Give the entries again, exactly as written.

*** INPUT ***

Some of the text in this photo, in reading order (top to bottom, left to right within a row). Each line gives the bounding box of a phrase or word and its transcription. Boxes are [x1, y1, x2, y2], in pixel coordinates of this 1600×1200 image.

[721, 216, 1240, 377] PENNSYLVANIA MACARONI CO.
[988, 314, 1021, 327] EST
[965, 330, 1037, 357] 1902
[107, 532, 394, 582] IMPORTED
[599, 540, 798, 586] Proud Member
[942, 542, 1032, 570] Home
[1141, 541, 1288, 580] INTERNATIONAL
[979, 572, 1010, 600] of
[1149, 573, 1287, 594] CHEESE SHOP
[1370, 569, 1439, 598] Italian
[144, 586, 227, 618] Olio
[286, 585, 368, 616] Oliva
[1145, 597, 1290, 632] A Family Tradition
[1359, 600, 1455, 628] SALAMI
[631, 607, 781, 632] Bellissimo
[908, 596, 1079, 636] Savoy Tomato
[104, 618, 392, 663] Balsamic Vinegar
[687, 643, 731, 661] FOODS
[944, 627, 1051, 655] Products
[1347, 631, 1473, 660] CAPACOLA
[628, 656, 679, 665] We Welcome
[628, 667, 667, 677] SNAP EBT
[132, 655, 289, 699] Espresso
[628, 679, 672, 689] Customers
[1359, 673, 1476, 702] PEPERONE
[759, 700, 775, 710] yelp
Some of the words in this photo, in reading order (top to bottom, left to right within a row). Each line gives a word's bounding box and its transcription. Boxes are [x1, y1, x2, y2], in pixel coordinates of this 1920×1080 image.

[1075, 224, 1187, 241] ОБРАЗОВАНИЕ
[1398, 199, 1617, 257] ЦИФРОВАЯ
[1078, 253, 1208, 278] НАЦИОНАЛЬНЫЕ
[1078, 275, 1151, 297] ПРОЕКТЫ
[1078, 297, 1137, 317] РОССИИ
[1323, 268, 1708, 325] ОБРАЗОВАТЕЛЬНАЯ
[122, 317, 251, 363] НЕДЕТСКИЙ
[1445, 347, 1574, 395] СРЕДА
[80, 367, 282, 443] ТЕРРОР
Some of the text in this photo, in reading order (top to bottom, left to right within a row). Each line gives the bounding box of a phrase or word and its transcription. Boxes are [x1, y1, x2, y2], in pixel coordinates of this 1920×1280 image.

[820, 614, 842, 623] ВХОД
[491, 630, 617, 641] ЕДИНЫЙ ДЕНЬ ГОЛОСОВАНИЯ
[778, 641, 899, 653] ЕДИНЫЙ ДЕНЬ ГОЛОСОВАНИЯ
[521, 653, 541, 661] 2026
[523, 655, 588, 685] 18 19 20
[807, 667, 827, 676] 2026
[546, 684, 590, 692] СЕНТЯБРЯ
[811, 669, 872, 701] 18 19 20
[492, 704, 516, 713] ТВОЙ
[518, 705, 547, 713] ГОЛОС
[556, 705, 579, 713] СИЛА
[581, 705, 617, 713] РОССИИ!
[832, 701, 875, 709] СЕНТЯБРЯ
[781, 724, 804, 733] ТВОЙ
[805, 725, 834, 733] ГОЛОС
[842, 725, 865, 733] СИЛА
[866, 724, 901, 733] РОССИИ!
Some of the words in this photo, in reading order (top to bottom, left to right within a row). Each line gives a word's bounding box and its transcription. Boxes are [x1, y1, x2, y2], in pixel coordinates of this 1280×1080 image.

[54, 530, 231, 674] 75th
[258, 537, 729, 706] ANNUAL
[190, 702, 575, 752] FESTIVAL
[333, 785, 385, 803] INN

*** End of INPUT ***

SOLUTION FOR THIS EXERCISE =
Some of the text in this photo, in reading order (top to bottom, left to right within a row). Each line gives the bounding box of a phrase or word and its transcription. Boxes are [x1, y1, x2, y2], in pixel coordinates of this 1600×1200 image.

[721, 216, 1240, 377] PENNSYLVANIA MACARONI CO.
[988, 314, 1021, 327] EST
[965, 330, 1037, 357] 1902
[107, 532, 394, 582] IMPORTED
[599, 540, 798, 586] Proud Member
[942, 542, 1032, 570] Home
[1141, 541, 1288, 580] INTERNATIONAL
[979, 572, 1010, 600] of
[1149, 573, 1287, 594] CHEESE SHOP
[1370, 569, 1439, 598] Italian
[144, 586, 227, 618] Olio
[286, 585, 368, 616] Oliva
[1145, 597, 1290, 632] A Family Tradition
[1359, 600, 1455, 628] SALAMI
[631, 607, 781, 632] Bellissimo
[908, 596, 1079, 636] Savoy Tomato
[104, 618, 392, 663] Balsamic Vinegar
[687, 643, 731, 661] FOODS
[944, 627, 1051, 655] Products
[1347, 631, 1473, 660] CAPACOLA
[628, 656, 679, 665] We Welcome
[628, 667, 667, 677] SNAP EBT
[132, 655, 289, 699] Espresso
[628, 679, 672, 689] Customers
[1359, 673, 1476, 702] PEPERONE
[759, 700, 775, 710] yelp
Some of the words in this photo, in reading order (top to bottom, left to right within a row). Each line gives a word's bounding box and its transcription. Boxes are [x1, y1, x2, y2], in pixel coordinates of this 1920×1080 image.

[1075, 224, 1187, 241] ОБРАЗОВАНИЕ
[1398, 199, 1617, 257] ЦИФРОВАЯ
[1078, 253, 1208, 278] НАЦИОНАЛЬНЫЕ
[1078, 275, 1151, 297] ПРОЕКТЫ
[1078, 297, 1137, 317] РОССИИ
[1323, 268, 1708, 325] ОБРАЗОВАТЕЛЬНАЯ
[122, 317, 251, 363] НЕДЕТСКИЙ
[1445, 347, 1574, 395] СРЕДА
[80, 367, 282, 443] ТЕРРОР
Some of the text in this photo, in reading order (top to bottom, left to right within a row). Each line gives the bounding box of a phrase or word and its transcription. Boxes are [x1, y1, x2, y2], in pixel coordinates of this 1920×1280 image.

[820, 614, 842, 623] ВХОД
[491, 630, 617, 641] ЕДИНЫЙ ДЕНЬ ГОЛОСОВАНИЯ
[778, 641, 899, 653] ЕДИНЫЙ ДЕНЬ ГОЛОСОВАНИЯ
[521, 653, 541, 661] 2026
[523, 655, 588, 685] 18 19 20
[807, 667, 827, 676] 2026
[546, 684, 590, 692] СЕНТЯБРЯ
[811, 669, 872, 701] 18 19 20
[492, 704, 516, 713] ТВОЙ
[518, 705, 547, 713] ГОЛОС
[556, 705, 579, 713] СИЛА
[581, 705, 617, 713] РОССИИ!
[832, 701, 875, 709] СЕНТЯБРЯ
[781, 724, 804, 733] ТВОЙ
[805, 725, 834, 733] ГОЛОС
[842, 725, 865, 733] СИЛА
[866, 724, 901, 733] РОССИИ!
Some of the words in this photo, in reading order (top to bottom, left to right within a row). Each line gives a word's bounding box and its transcription. Boxes are [x1, y1, x2, y2], in pixel coordinates of this 1280×1080 image.

[54, 530, 231, 674] 75th
[258, 537, 729, 706] ANNUAL
[190, 702, 575, 752] FESTIVAL
[333, 785, 385, 803] INN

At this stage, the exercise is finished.